**THE PROBLEM**
Please restate each entry that appears below word for word, without its pictures.

Records from a collection
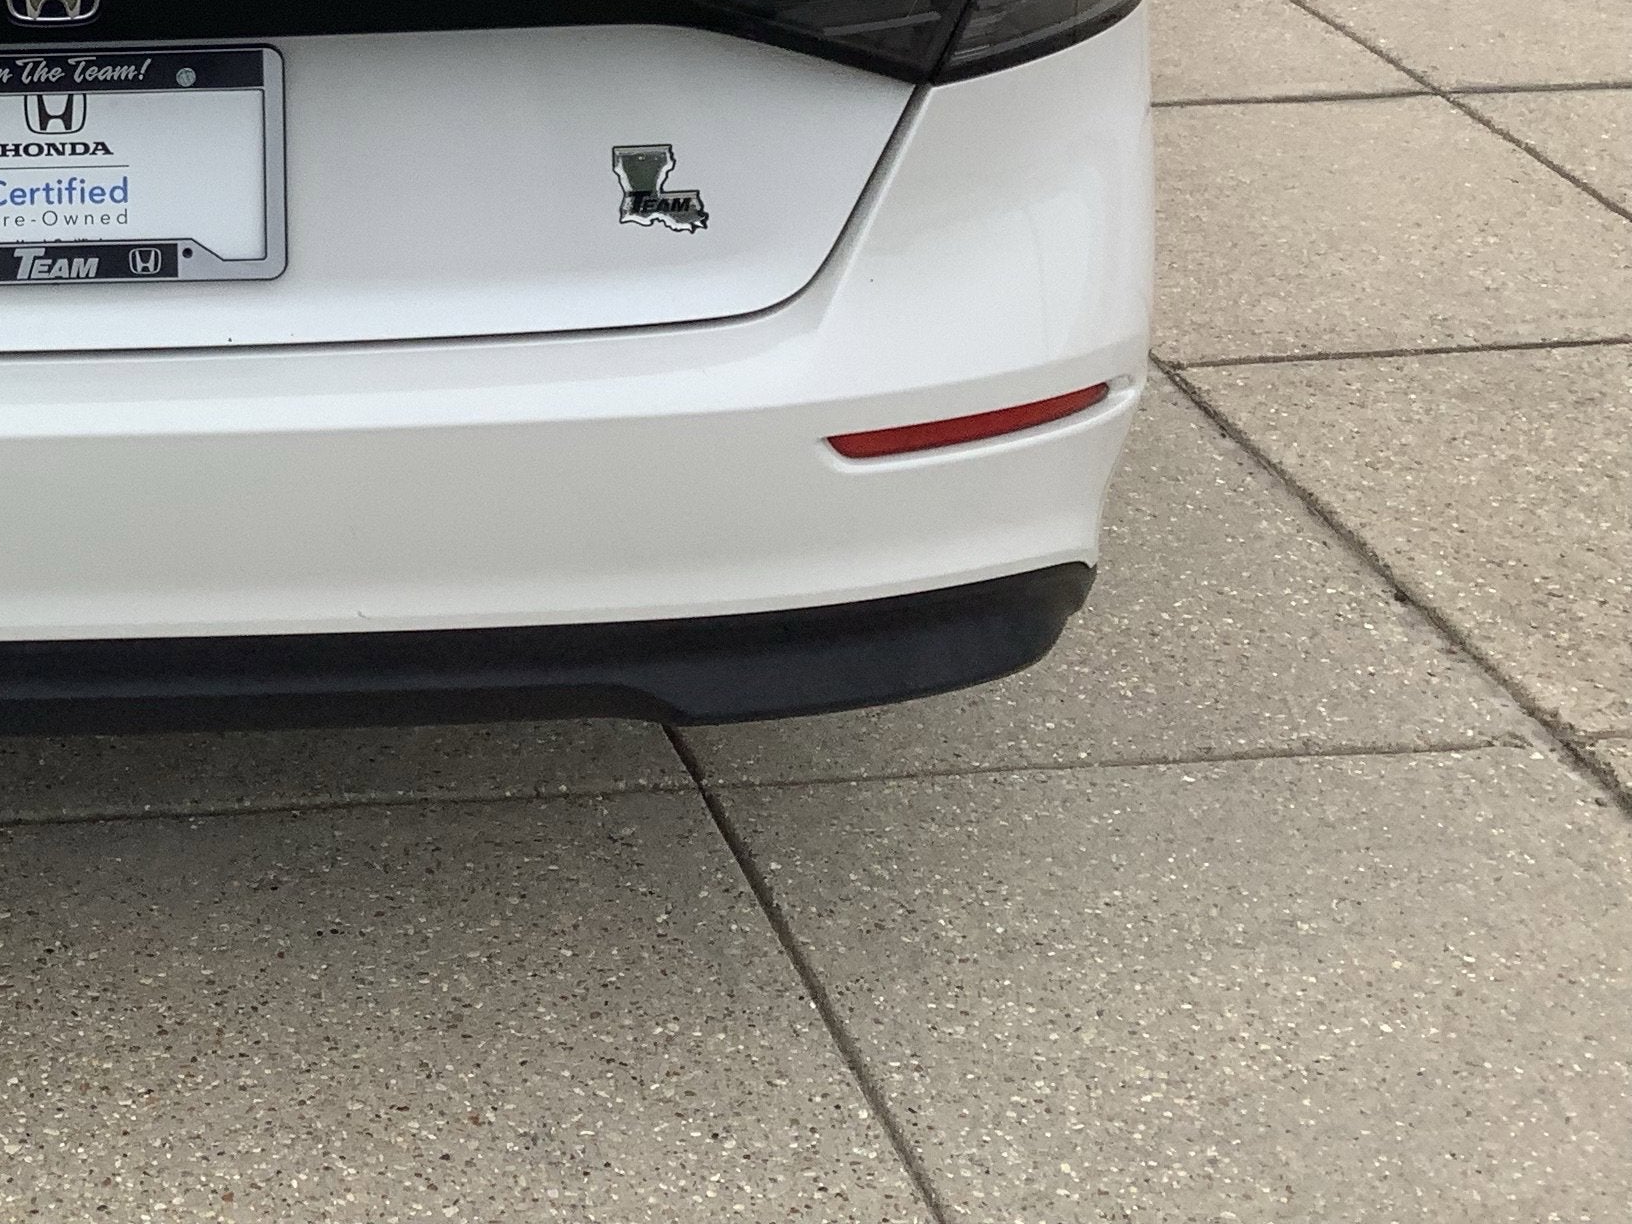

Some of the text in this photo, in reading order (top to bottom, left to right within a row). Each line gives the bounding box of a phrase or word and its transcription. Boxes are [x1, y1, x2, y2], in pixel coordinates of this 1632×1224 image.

[16, 57, 65, 84] The
[68, 56, 152, 84] Team!
[627, 190, 692, 214] TEAM
[14, 247, 100, 280] TEAM
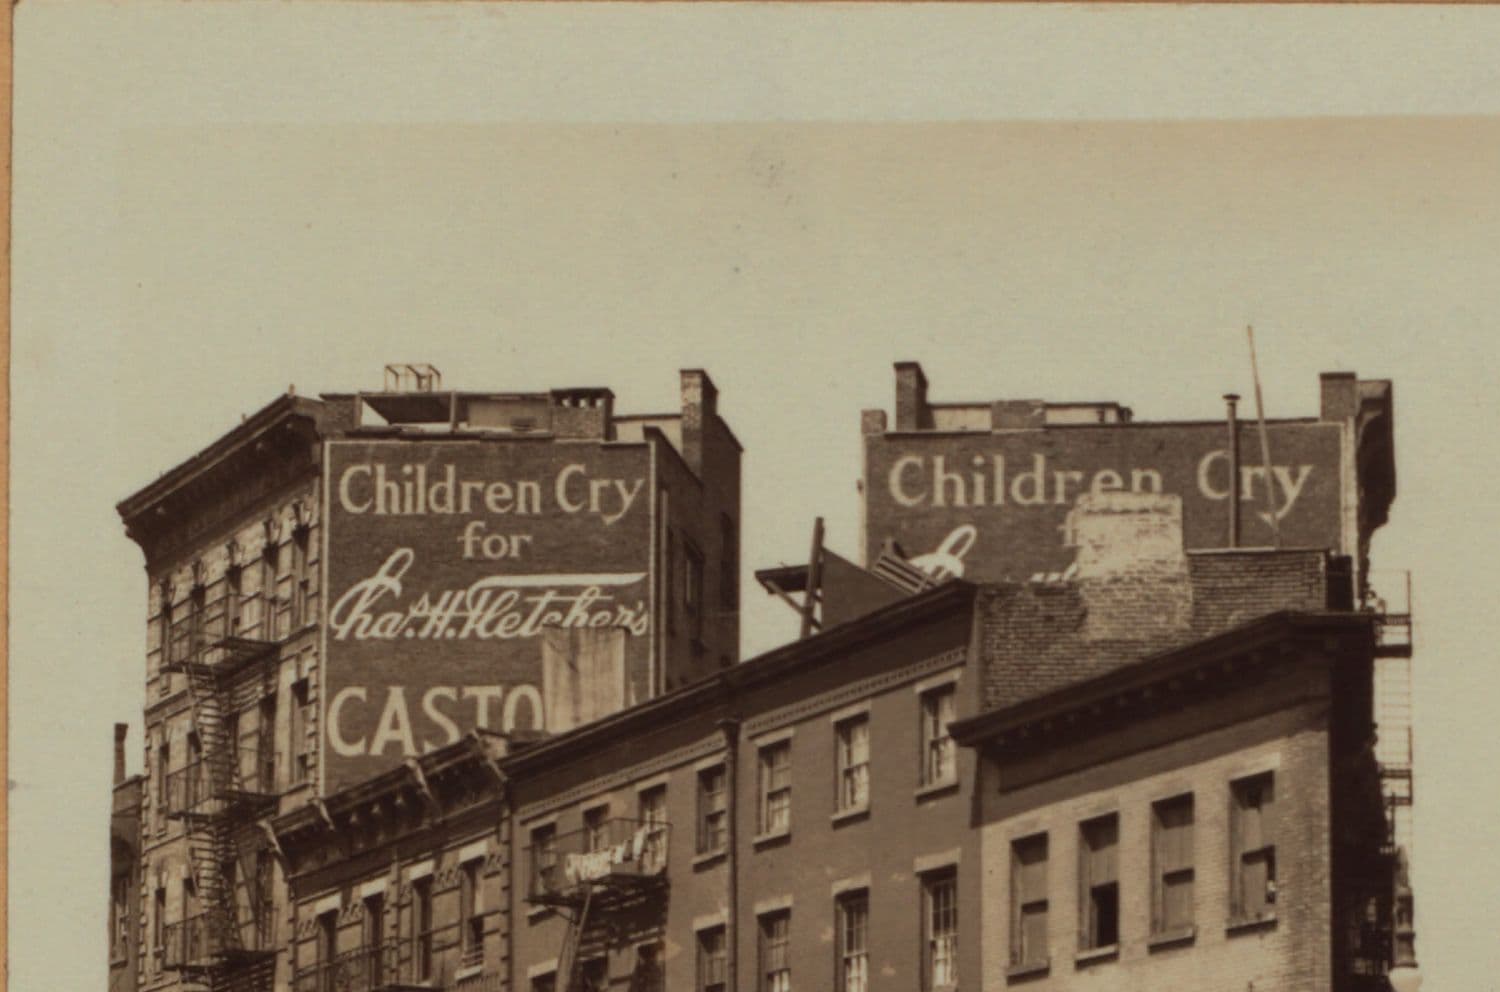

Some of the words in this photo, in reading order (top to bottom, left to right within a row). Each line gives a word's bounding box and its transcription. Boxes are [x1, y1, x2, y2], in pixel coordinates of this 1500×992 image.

**EXERCISE RESULT**
Some of the text in this photo, in reading order (top to bottom, left to right within a row). Each line gives the bounding box of a phrase or word and its transcription. Boxes are [x1, y1, x2, y2], in pixel coordinates of this 1632×1224 image.

[16, 57, 65, 84] The
[68, 56, 152, 84] Team!
[627, 190, 692, 214] TEAM
[14, 247, 100, 280] TEAM

Some of the words in this photo, in reading order (top to bottom, left to right within a row). Each line gives a word's bounding box and its transcription. Boxes are [x1, y1, x2, y2], in pixel coordinates of this 1500×992 image.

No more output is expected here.